David Rettenmund—R2—was an excellent choice for Tel Aviv, Fisk thought. R2 was young and single, would kill for the opportunity to work abroad, and was probably uniquely suited to thrive in the tech-intensive Israeli environment. Fisk had doubts about Dubin’s motivation in suggesting
R2 as the man for the job, though. Was it because the chief, aware of Fisk’s affinity for R2, sought to gain leverage?
Fisk feigned indifference. “Okay.”
“The Department just needs you to do one small thing,” Dubin said.
Huge surprise. “Use the city’s box at Yankees games more often?”
“Close. I know this isn’t your shtick, but Mayor de Blasio wants to present you with a key to the city in Riverside Park before the fireworks ceremony tonight.”
A key to the city didn’t sound that bad to Fisk. With it, he would be like a made man in New York—able even to cut through red tape.

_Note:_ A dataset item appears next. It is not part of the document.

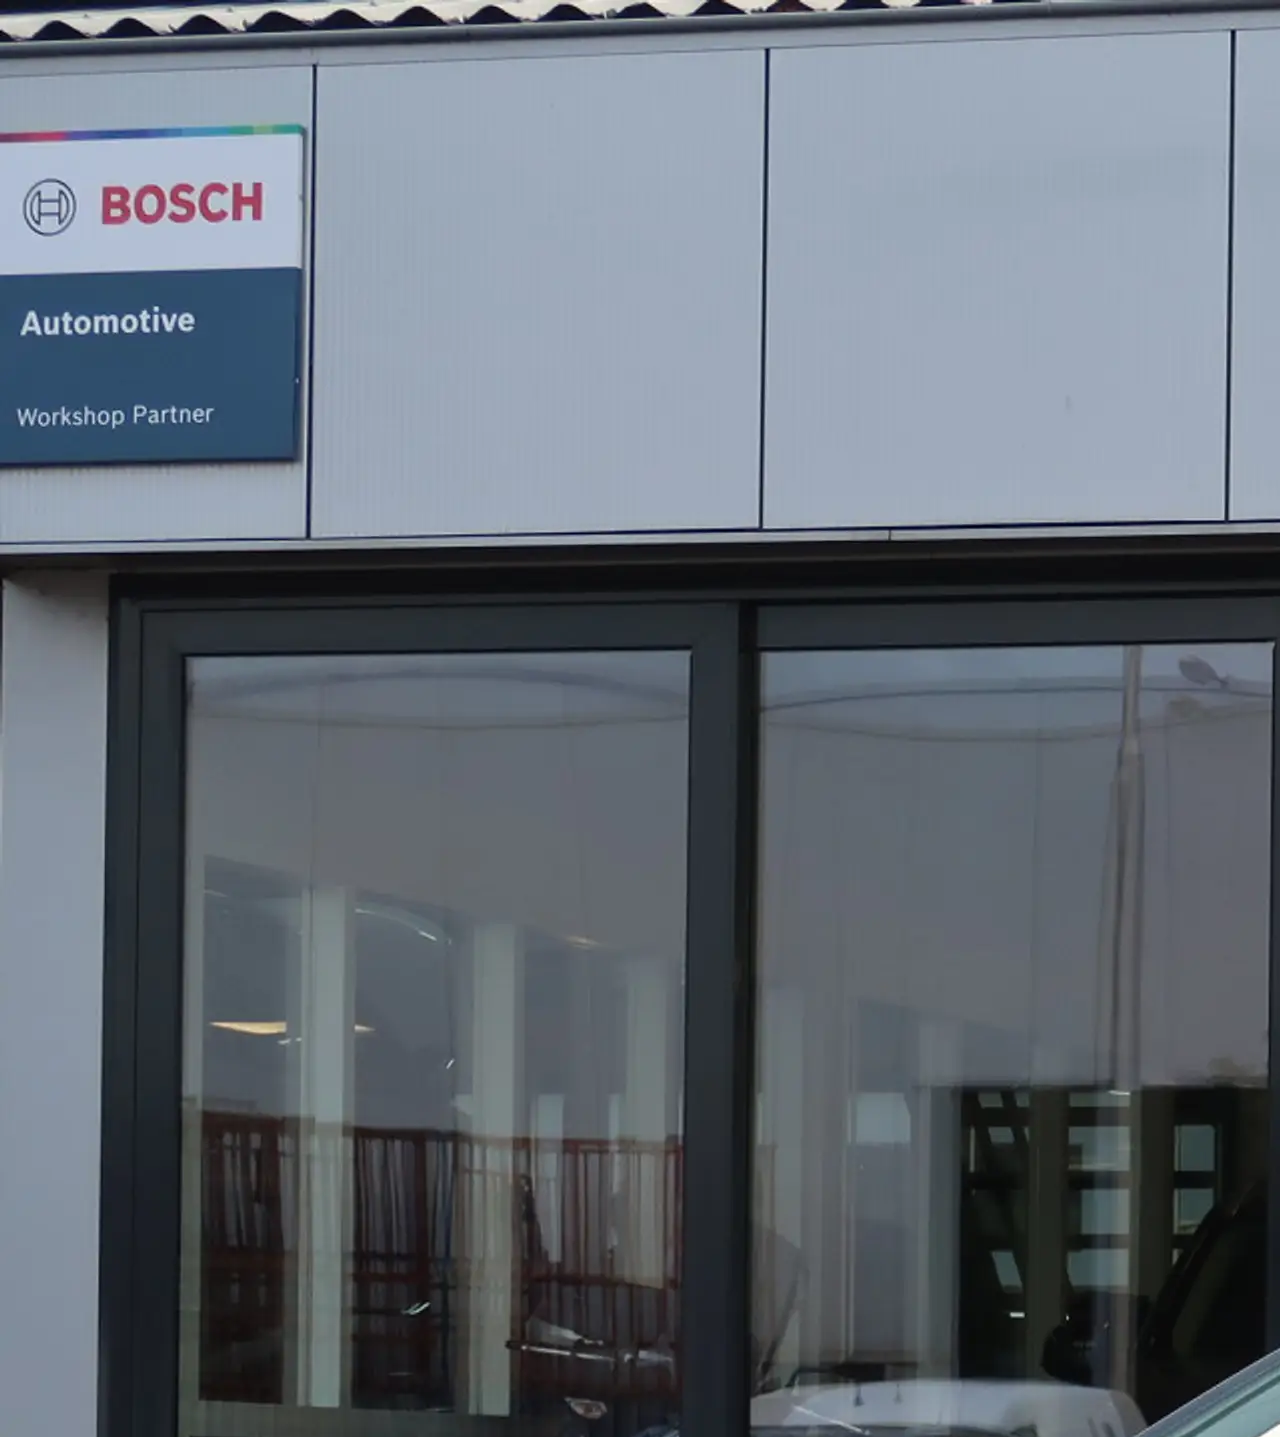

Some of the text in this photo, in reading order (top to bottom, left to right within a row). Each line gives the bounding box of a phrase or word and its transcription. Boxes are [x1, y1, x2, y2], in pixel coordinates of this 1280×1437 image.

[102, 181, 263, 225] BOSCH
[20, 305, 196, 336] Automotive
[17, 404, 214, 429] Workshop Partner

But Dubin, shifting uncomfortably on the couch, had more. “There are just a few things they’d like you to say.”
“Like what?”
Dubin went to his desk and snapped up a printed sheet of paper. “This just came by messenger. In light of current events, the PR folks are afraid of their e-mails being electronically intercepted, so now they’ve gone old school with the commo.” He glanced at the document. “So what they want you to do is decry previous Intel policies.”
“Decry?”
“Not my word.” Dubin lowered himself into his desk chair, slipped on a pair of reading glasses, and scanned the memo. “They want you to quote from the Declaration of Independence as a way of condemning the spooky tactics and gadgets we’ve gotten flak for. Do you know the part where Thomas Jefferson talks about what happens when government becomes destructive of people’s unalienable rights to life, liberty, and the pursuit of happiness?”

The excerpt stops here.